From the first line to the last, write out the records below exactly as they appear.
[SOURCE MATERIAL Boundary: Start]
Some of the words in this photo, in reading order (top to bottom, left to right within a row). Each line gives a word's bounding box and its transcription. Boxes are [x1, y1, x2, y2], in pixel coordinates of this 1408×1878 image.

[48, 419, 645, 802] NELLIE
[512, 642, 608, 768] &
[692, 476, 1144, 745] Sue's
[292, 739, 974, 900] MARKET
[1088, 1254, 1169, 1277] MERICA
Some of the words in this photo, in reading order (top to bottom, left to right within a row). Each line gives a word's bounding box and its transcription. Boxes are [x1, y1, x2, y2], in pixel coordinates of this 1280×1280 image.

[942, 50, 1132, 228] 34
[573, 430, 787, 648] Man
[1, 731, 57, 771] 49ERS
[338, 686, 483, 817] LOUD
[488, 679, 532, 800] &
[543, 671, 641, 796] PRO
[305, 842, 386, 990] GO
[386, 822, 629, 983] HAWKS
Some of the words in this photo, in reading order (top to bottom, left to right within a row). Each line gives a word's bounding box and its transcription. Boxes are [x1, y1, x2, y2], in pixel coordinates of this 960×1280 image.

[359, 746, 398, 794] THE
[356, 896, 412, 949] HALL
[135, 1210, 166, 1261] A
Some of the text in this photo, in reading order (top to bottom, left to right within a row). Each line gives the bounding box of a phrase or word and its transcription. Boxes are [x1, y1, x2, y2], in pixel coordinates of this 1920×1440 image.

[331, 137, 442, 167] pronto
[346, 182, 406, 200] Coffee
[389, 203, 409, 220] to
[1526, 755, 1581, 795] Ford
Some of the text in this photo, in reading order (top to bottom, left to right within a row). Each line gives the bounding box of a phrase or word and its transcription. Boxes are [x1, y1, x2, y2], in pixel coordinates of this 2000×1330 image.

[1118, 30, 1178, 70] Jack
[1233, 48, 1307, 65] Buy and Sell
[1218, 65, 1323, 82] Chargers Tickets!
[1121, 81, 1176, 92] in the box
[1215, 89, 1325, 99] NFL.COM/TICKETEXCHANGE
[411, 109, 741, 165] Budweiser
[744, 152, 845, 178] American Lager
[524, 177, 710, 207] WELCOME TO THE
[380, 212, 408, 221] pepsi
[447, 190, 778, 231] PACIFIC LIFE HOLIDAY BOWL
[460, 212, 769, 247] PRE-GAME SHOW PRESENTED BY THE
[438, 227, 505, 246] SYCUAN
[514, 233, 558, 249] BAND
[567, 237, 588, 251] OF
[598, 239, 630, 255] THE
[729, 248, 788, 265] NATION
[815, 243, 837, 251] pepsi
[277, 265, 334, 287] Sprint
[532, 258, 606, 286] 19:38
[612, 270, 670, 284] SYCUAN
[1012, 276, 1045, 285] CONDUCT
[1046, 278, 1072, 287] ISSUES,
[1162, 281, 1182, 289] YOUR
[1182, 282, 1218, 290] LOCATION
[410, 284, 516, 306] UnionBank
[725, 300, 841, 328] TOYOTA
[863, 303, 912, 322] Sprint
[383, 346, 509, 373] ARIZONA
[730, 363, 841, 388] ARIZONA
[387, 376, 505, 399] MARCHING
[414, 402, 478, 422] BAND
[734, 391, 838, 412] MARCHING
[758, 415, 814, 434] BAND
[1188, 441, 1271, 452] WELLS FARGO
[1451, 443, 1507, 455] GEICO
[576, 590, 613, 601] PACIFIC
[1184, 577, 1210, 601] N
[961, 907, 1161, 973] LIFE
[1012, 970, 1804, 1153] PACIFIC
[SOURCE MATERIAL Boundary: End]
ANSWER TO THIS TASK —
Some of the words in this photo, in reading order (top to bottom, left to right within a row). Each line gives a word's bounding box and its transcription. Boxes are [x1, y1, x2, y2], in pixel coordinates of this 1408×1878 image.

[48, 419, 645, 802] NELLIE
[512, 642, 608, 768] &
[692, 476, 1144, 745] Sue's
[292, 739, 974, 900] MARKET
[1088, 1254, 1169, 1277] MERICA
Some of the words in this photo, in reading order (top to bottom, left to right within a row). Each line gives a word's bounding box and its transcription. Boxes are [x1, y1, x2, y2], in pixel coordinates of this 1280×1280 image.

[942, 50, 1132, 228] 34
[573, 430, 787, 648] Man
[1, 731, 57, 771] 49ERS
[338, 686, 483, 817] LOUD
[488, 679, 532, 800] &
[543, 671, 641, 796] PRO
[305, 842, 386, 990] GO
[386, 822, 629, 983] HAWKS
Some of the words in this photo, in reading order (top to bottom, left to right within a row). Each line gives a word's bounding box and its transcription. Boxes are [x1, y1, x2, y2], in pixel coordinates of this 960×1280 image.

[359, 746, 398, 794] THE
[356, 896, 412, 949] HALL
[135, 1210, 166, 1261] A
Some of the text in this photo, in reading order (top to bottom, left to right within a row). Each line gives the bounding box of a phrase or word and its transcription. Boxes are [x1, y1, x2, y2], in pixel coordinates of this 1920×1440 image.

[331, 137, 442, 167] pronto
[346, 182, 406, 200] Coffee
[389, 203, 409, 220] to
[1526, 755, 1581, 795] Ford
Some of the text in this photo, in reading order (top to bottom, left to right within a row). Each line gives the bounding box of a phrase or word and its transcription. Boxes are [x1, y1, x2, y2], in pixel coordinates of this 2000×1330 image.

[1118, 30, 1178, 70] Jack
[1233, 48, 1307, 65] Buy and Sell
[1218, 65, 1323, 82] Chargers Tickets!
[1121, 81, 1176, 92] in the box
[1215, 89, 1325, 99] NFL.COM/TICKETEXCHANGE
[411, 109, 741, 165] Budweiser
[744, 152, 845, 178] American Lager
[524, 177, 710, 207] WELCOME TO THE
[380, 212, 408, 221] pepsi
[447, 190, 778, 231] PACIFIC LIFE HOLIDAY BOWL
[460, 212, 769, 247] PRE-GAME SHOW PRESENTED BY THE
[438, 227, 505, 246] SYCUAN
[514, 233, 558, 249] BAND
[567, 237, 588, 251] OF
[598, 239, 630, 255] THE
[729, 248, 788, 265] NATION
[815, 243, 837, 251] pepsi
[277, 265, 334, 287] Sprint
[532, 258, 606, 286] 19:38
[612, 270, 670, 284] SYCUAN
[1012, 276, 1045, 285] CONDUCT
[1046, 278, 1072, 287] ISSUES,
[1162, 281, 1182, 289] YOUR
[1182, 282, 1218, 290] LOCATION
[410, 284, 516, 306] UnionBank
[725, 300, 841, 328] TOYOTA
[863, 303, 912, 322] Sprint
[383, 346, 509, 373] ARIZONA
[730, 363, 841, 388] ARIZONA
[387, 376, 505, 399] MARCHING
[414, 402, 478, 422] BAND
[734, 391, 838, 412] MARCHING
[758, 415, 814, 434] BAND
[1188, 441, 1271, 452] WELLS FARGO
[1451, 443, 1507, 455] GEICO
[576, 590, 613, 601] PACIFIC
[1184, 577, 1210, 601] N
[961, 907, 1161, 973] LIFE
[1012, 970, 1804, 1153] PACIFIC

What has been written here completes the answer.